Toward that end, Neuhaus, now editor-in-chief of First Things: A Monthly Journal of Religion and Public Life , here explains for Christians outside the Roman church the significance of John Paul 11's recent writing on morality.

"You guys have a pope who sure knows how to pope." That is the admiring comment of a friend, a Southern Baptist who is surprised, and just a bit uneasy, about finding that he and John Paul II are on the same side in the great moral conflicts of our time.

My friend does not agree with Catholic teaching about the continuing office of Peter in the church, and he is not sure what to do with his childhood belief that the pope is Antichrist; but he will accept help from wherever he can get it, and, increasingly, he discovers he is getting it from this pope. The recent encyclical Veritatis Splendor (The Splendor of Truth) is a case in point. The encyclical has provoked widespread and generally favorable comment from sources not usually sympathetic to Catholic moral teaching.

When it appeared in October, some newspapers blazoned that the pope is clamping down on sexual ethics. And it indeed turns out that he has not changed his mind on, for instance, fornication and adultery; but that is rather to miss the point of this extended argument on the nature of morality. Other reports focused on his criticism of moral theories that go by awkward names such as proportionalism and consequentialism. That is closer to the point, but it still does not quite get it.

In this encyclical (encyclical means simply a letter to be circulated), the pope does not so much analyze the sorry moral condition of the contemporary world as he asks us to reflect on the meaning of "moral truth." The sorry truth of the matter is that many people today think "moral truth" is a contradiction in terms.

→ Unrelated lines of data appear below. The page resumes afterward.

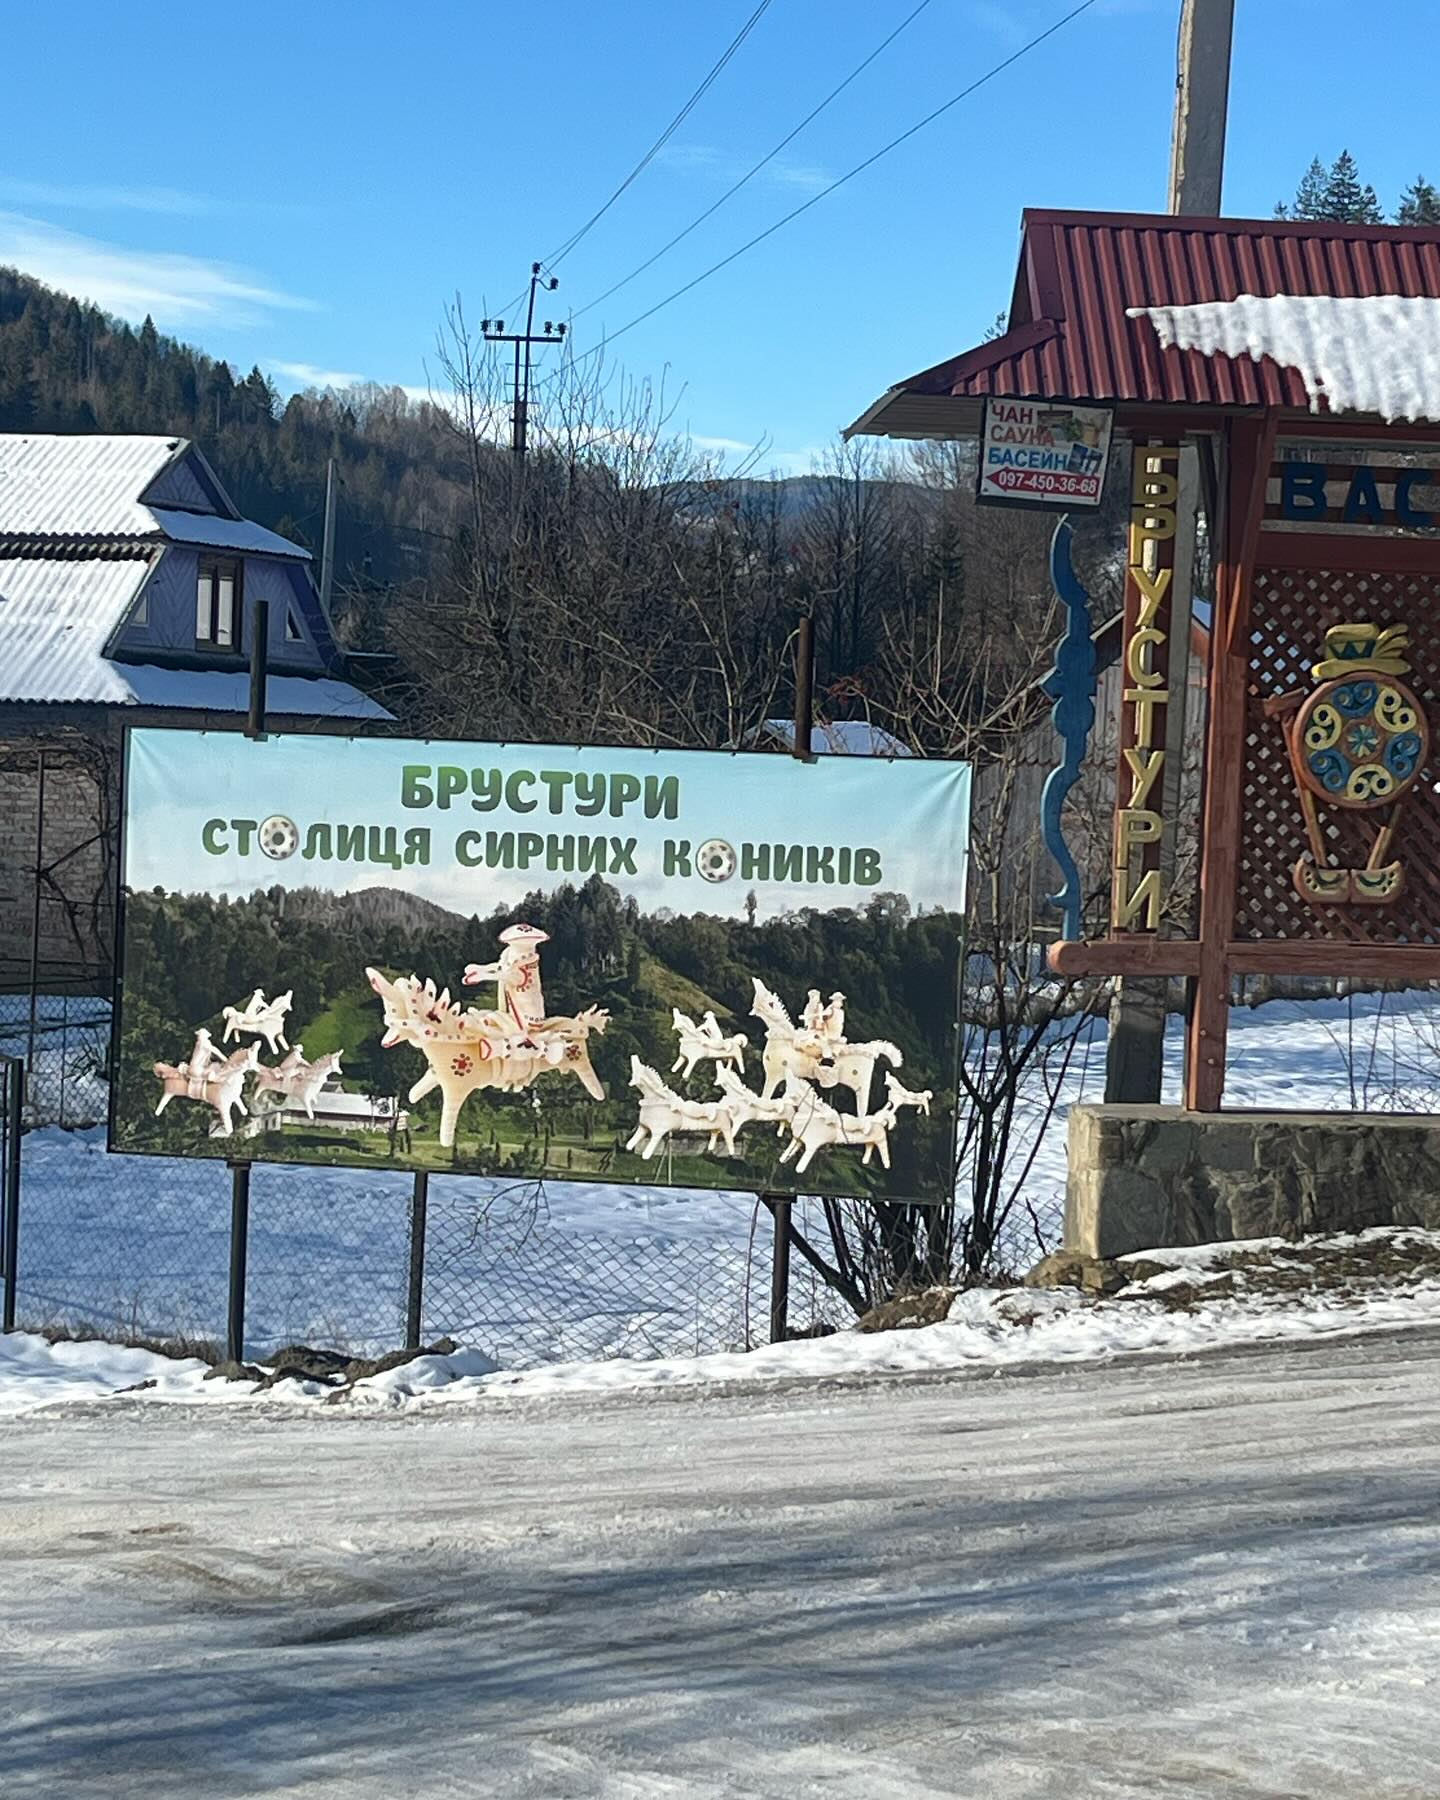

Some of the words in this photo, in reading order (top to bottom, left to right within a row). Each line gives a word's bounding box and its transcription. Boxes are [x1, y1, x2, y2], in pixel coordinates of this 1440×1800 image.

[992, 403, 1033, 424] ЧАН
[990, 424, 1056, 447] САУНА
[987, 447, 1067, 471] БАСЕЙН
[998, 470, 1098, 494] 097-450-36-68
[1283, 462, 1433, 527] ВАС
[1112, 447, 1179, 929] БРУСТУРИ
[401, 765, 679, 820] БРУСТУРИ
[202, 814, 431, 871] СТОЛИЦЯ
[455, 830, 638, 875] СИРНИХ
[663, 837, 882, 887] КОНИКІВ

You have your "values" and I have mine, and that's that. Beyond the individual assertion of values," there is nothing left to discuss. "What is truth?" asked Pilate. Like many of our contemporaries, he took that question to be a discussion-stopper. John Paul II argues that ought to be a discussion-starter.

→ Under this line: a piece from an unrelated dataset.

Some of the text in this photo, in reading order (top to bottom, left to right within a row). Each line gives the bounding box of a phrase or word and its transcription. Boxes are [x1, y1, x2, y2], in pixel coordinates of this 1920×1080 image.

He notes that the modern world has had a great deal to say about freedom, and that is good. But freedom must be grounded in truth. Freedom is not enough. Freedom standing by itself inevitably degenerates into license. License, which is unbridled freedom, quickly becomes the enemy of freedom. Friedrich Nietzsche, the brilliantly mad philosopher of the nineteenth century, well understood this. He saw that, once the reality of absolute truth is denied, all arguments—indeed, all human relationships—become nothing more than the exercise of "the will to power." Against Nietzsche and those of like mind, John Paul contends that power—and freedom itself—can be made and must be made accountable to truth. "Authentic freedom," he says repeatedly, "is ordered to truth." Not my truth, your truth, or her truth, not the truth of a class or a tribe or a nation, but truth. As in "absolute truth."